PROBLEM DETAILS |
The result should be all the records, exact and complete, without a single picture.

——————————

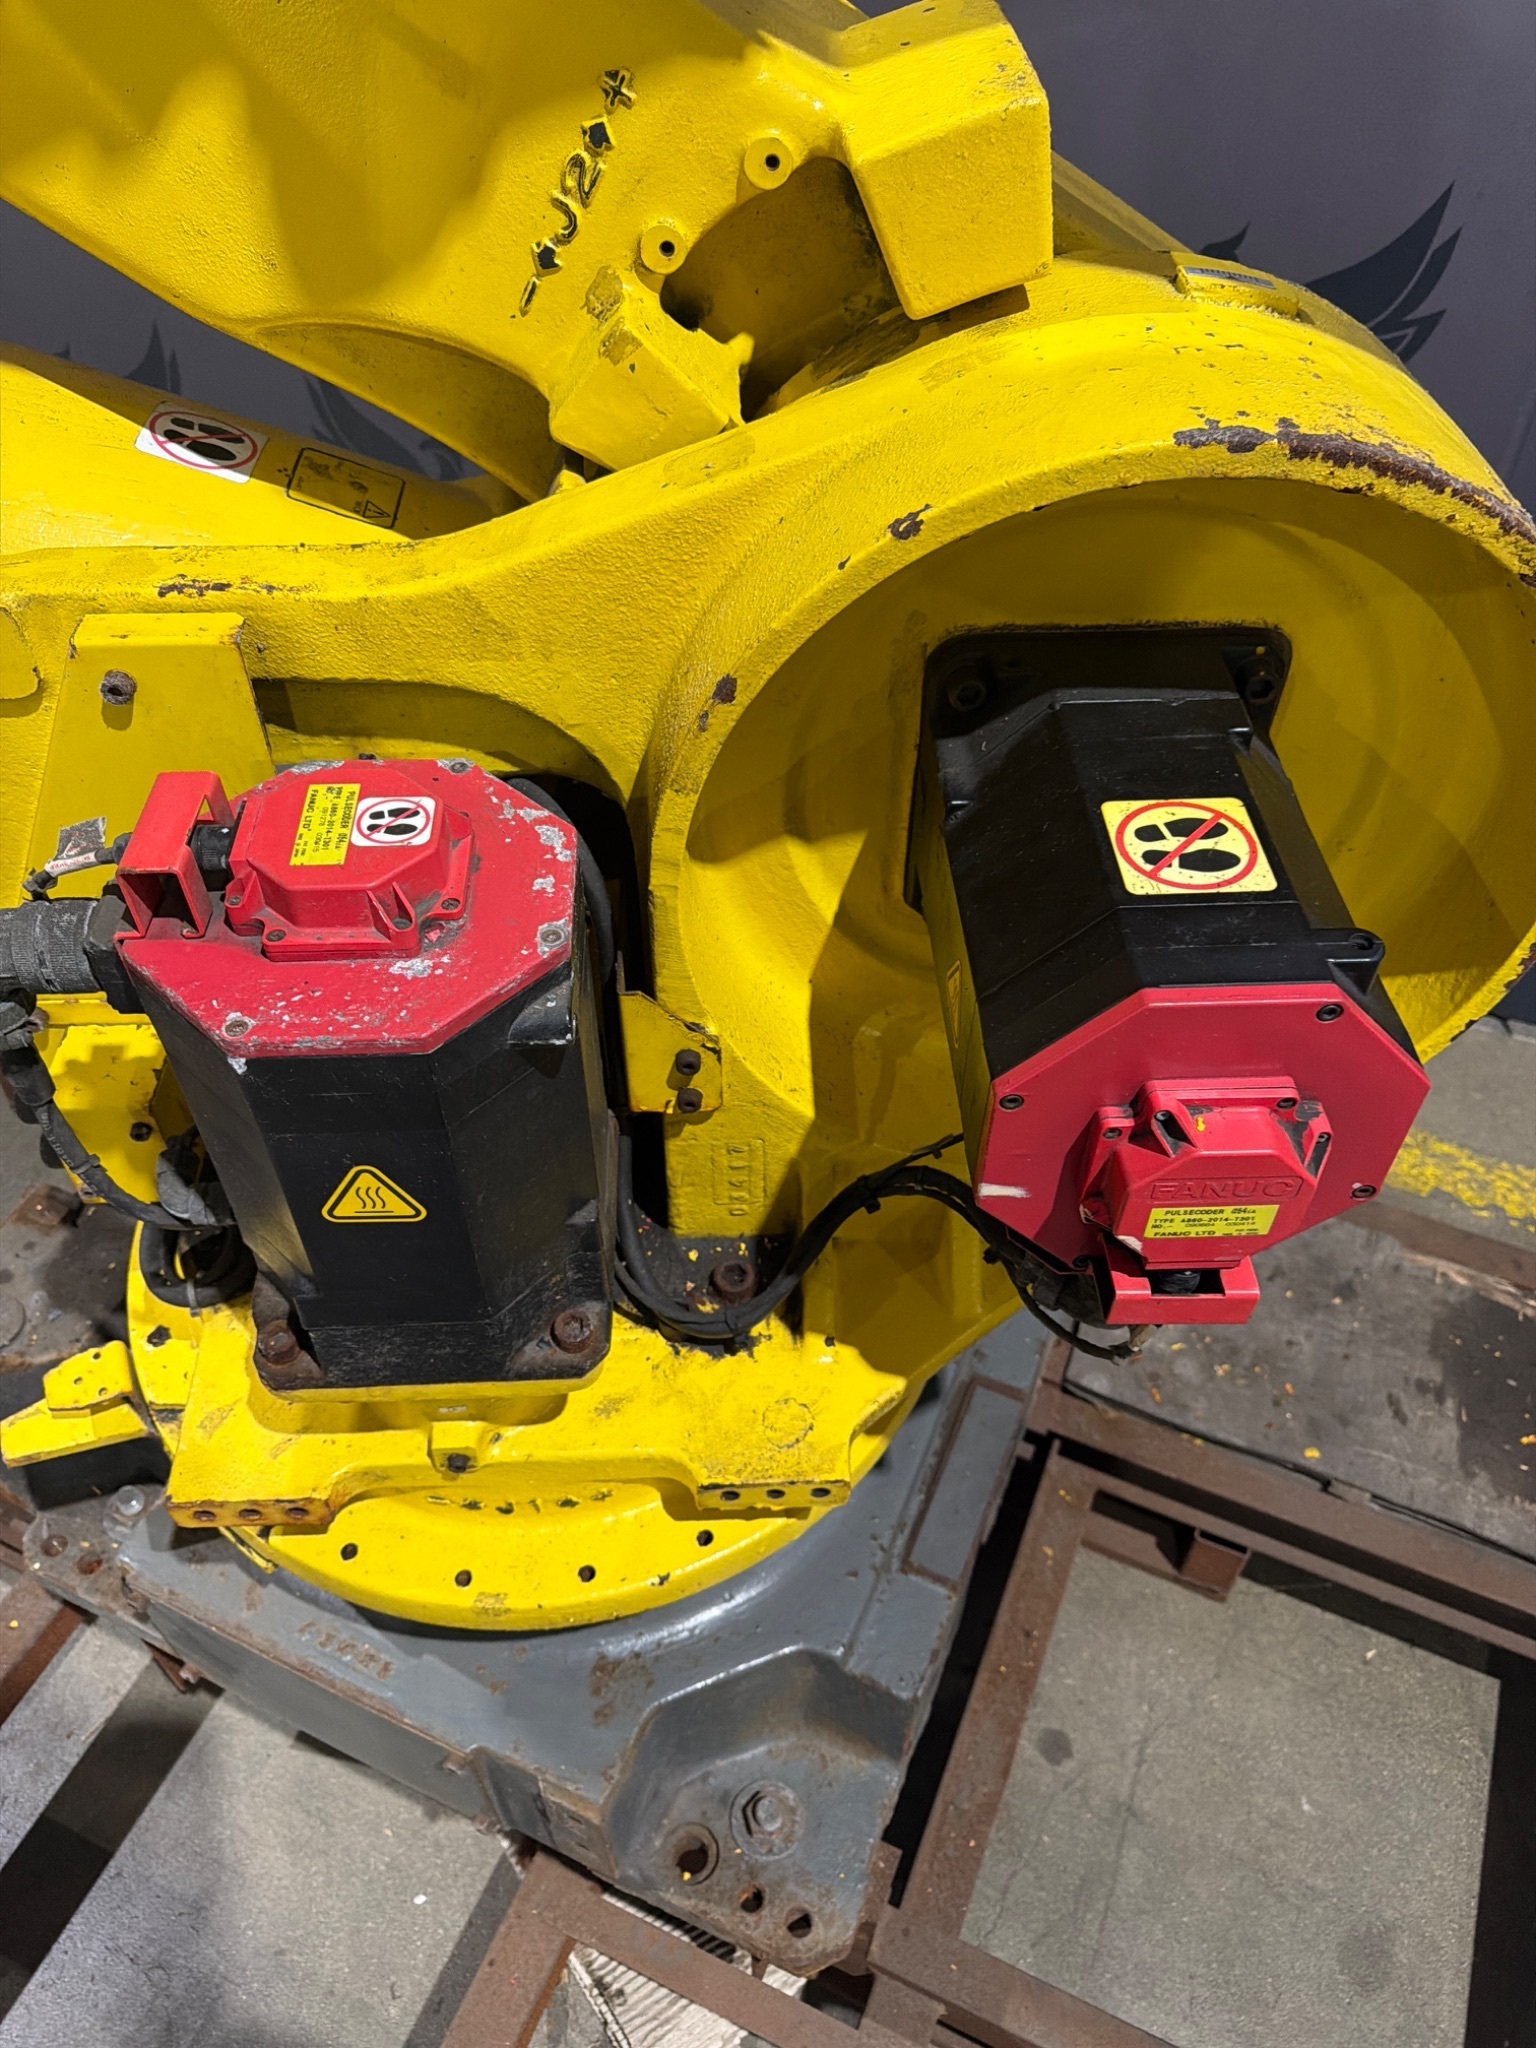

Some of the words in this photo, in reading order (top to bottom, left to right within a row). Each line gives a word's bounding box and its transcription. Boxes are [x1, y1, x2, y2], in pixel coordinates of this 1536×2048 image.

[306, 789, 319, 813] FANUC
[339, 791, 356, 829] PULSECODER
[1150, 1180, 1294, 1199] FANUC
[1164, 1208, 1224, 1216] PULSECODER
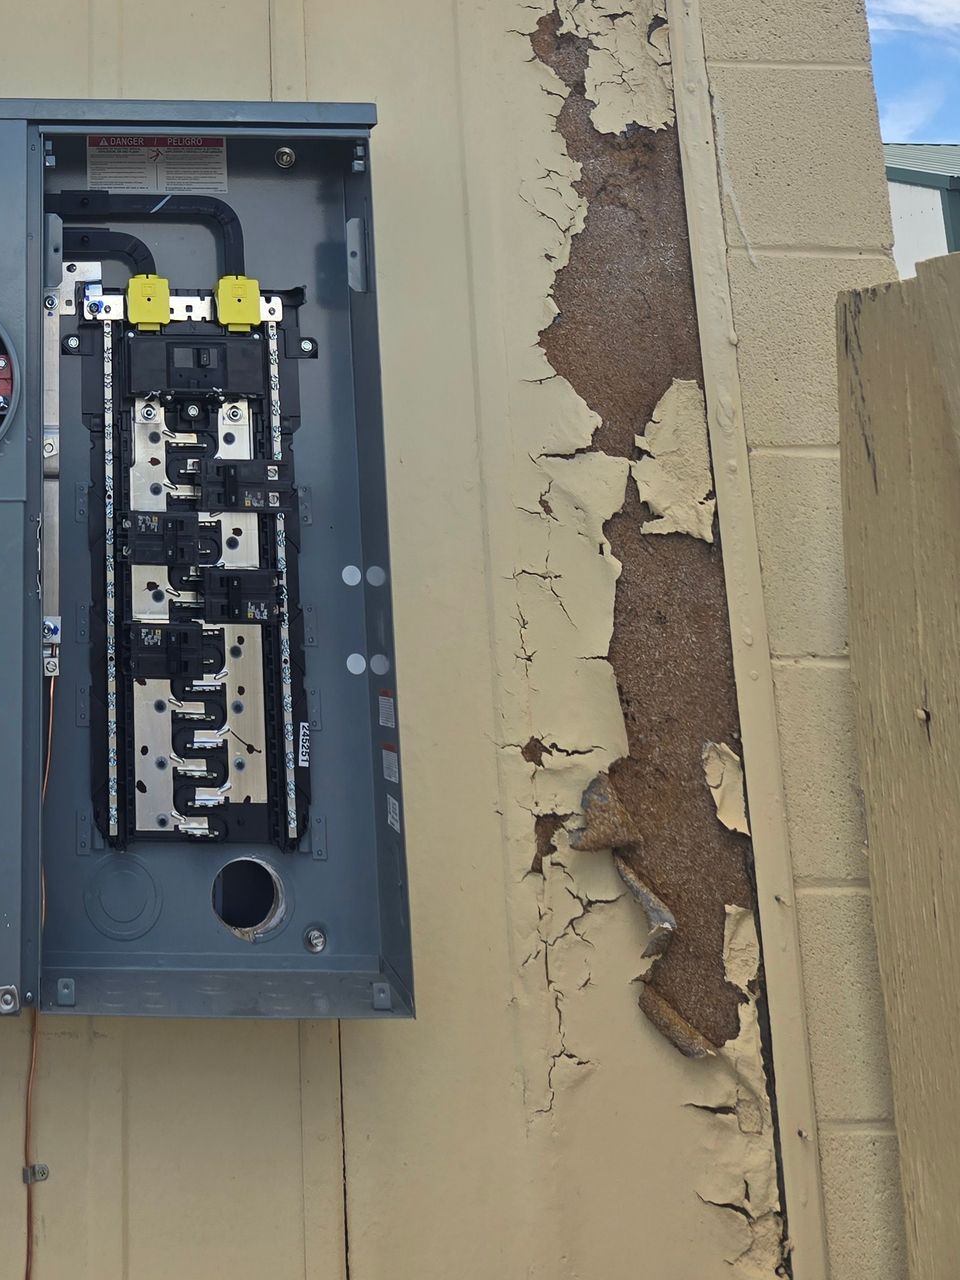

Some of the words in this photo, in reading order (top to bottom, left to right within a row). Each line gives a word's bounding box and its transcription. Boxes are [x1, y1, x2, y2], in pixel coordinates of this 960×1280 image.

[110, 136, 145, 146] DANGER
[167, 137, 203, 146] PELIGRO
[301, 724, 310, 763] 245251
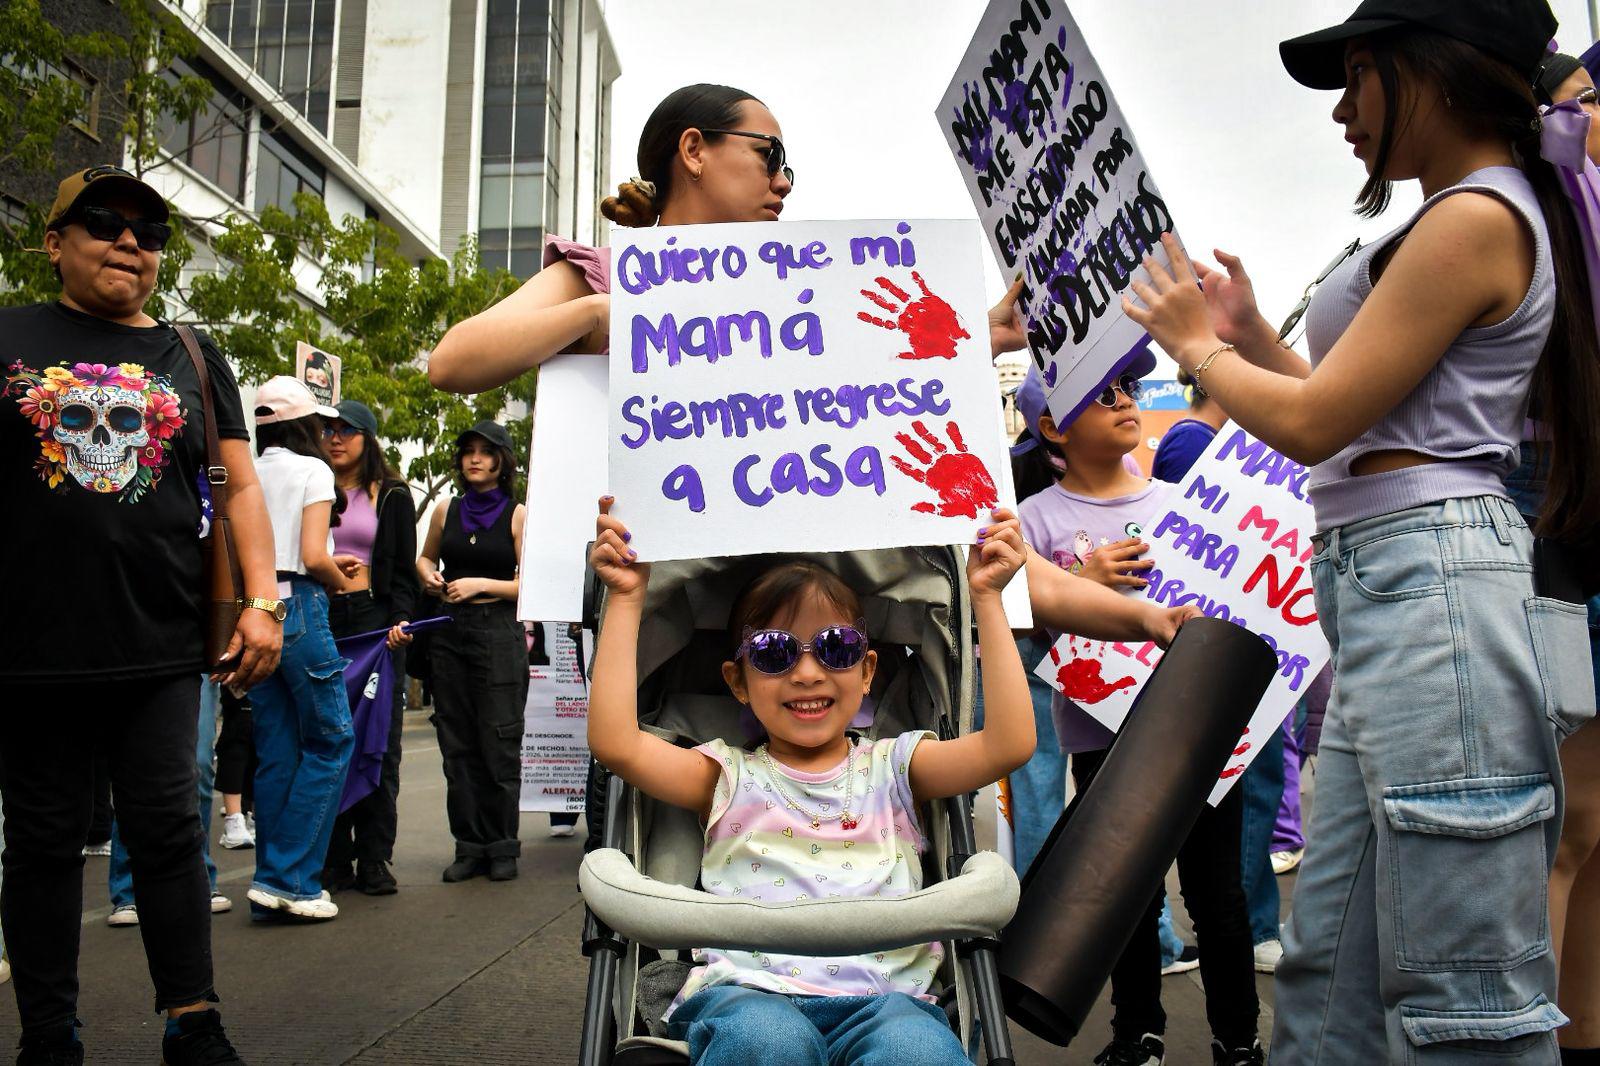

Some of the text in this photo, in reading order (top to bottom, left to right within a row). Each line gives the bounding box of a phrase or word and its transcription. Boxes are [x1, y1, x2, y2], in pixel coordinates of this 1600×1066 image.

[952, 0, 1052, 166] MI MAMI
[977, 135, 1015, 208] ME
[1029, 181, 1100, 285] LUCHAR
[1093, 127, 1134, 193] POR
[617, 222, 916, 295] Quiero que mi
[1027, 303, 1068, 372] MIS
[1051, 171, 1174, 345] DERECHOS
[631, 288, 825, 373] Mamá
[794, 378, 951, 429] regrese
[662, 464, 706, 512] a
[1184, 475, 1229, 514] MI
[1215, 429, 1313, 505] MARC
[1152, 510, 1319, 626] PARA NO
[542, 787, 576, 795] ALERTA
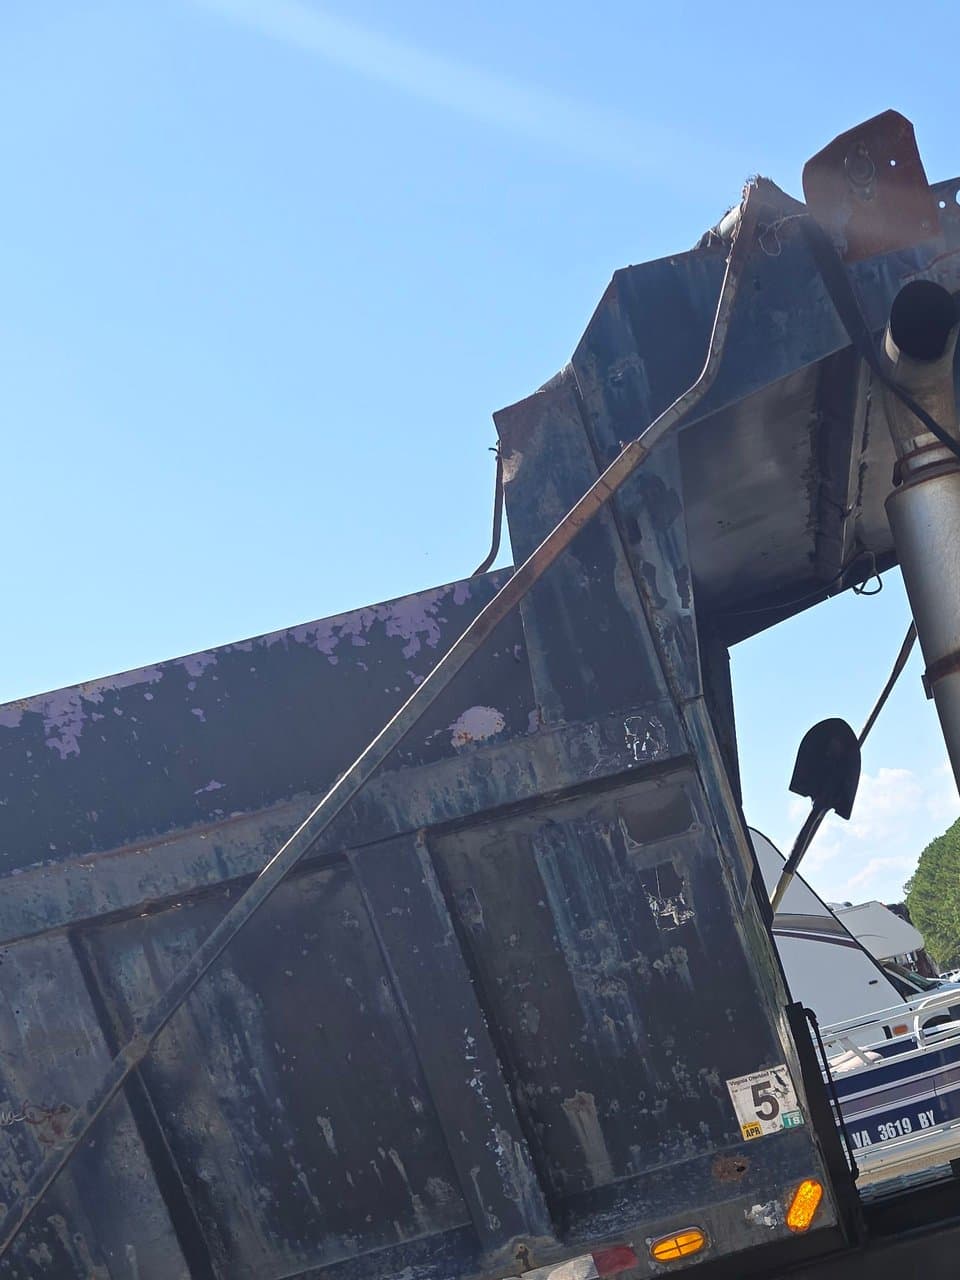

——————————

ANSWER SECTION |
Some of the words in this photo, in reading order (top to bottom, left to right within a row). Each line gives a word's bounding box and its transcription. Boxes are [x1, y1, x2, y2], in pixel coordinates of this 1536×2048 image.

[306, 789, 319, 813] FANUC
[339, 791, 356, 829] PULSECODER
[1150, 1180, 1294, 1199] FANUC
[1164, 1208, 1224, 1216] PULSECODER

Some of the words in this photo, in reading order (top to bottom, left to right within a row). Each line gives a word's bounding box and its transcription. Boxes are [x1, y1, x2, y2], in pixel coordinates of this 960×1280 image.

[110, 136, 145, 146] DANGER
[167, 137, 203, 146] PELIGRO
[301, 724, 310, 763] 245251

Some of the text in this photo, in reading order (top to bottom, left to right within a row). Each line gives the bounding box of a phrase or word and its transcription. Boxes are [x1, y1, x2, y2], in pixel coordinates of this 1600×1066 image.

[952, 0, 1052, 166] MI MAMI
[977, 135, 1015, 208] ME
[1029, 181, 1100, 285] LUCHAR
[1093, 127, 1134, 193] POR
[617, 222, 916, 295] Quiero que mi
[1027, 303, 1068, 372] MIS
[1051, 171, 1174, 345] DERECHOS
[631, 288, 825, 373] Mamá
[794, 378, 951, 429] regrese
[662, 464, 706, 512] a
[1184, 475, 1229, 514] MI
[1215, 429, 1313, 505] MARC
[1152, 510, 1319, 626] PARA NO
[542, 787, 576, 795] ALERTA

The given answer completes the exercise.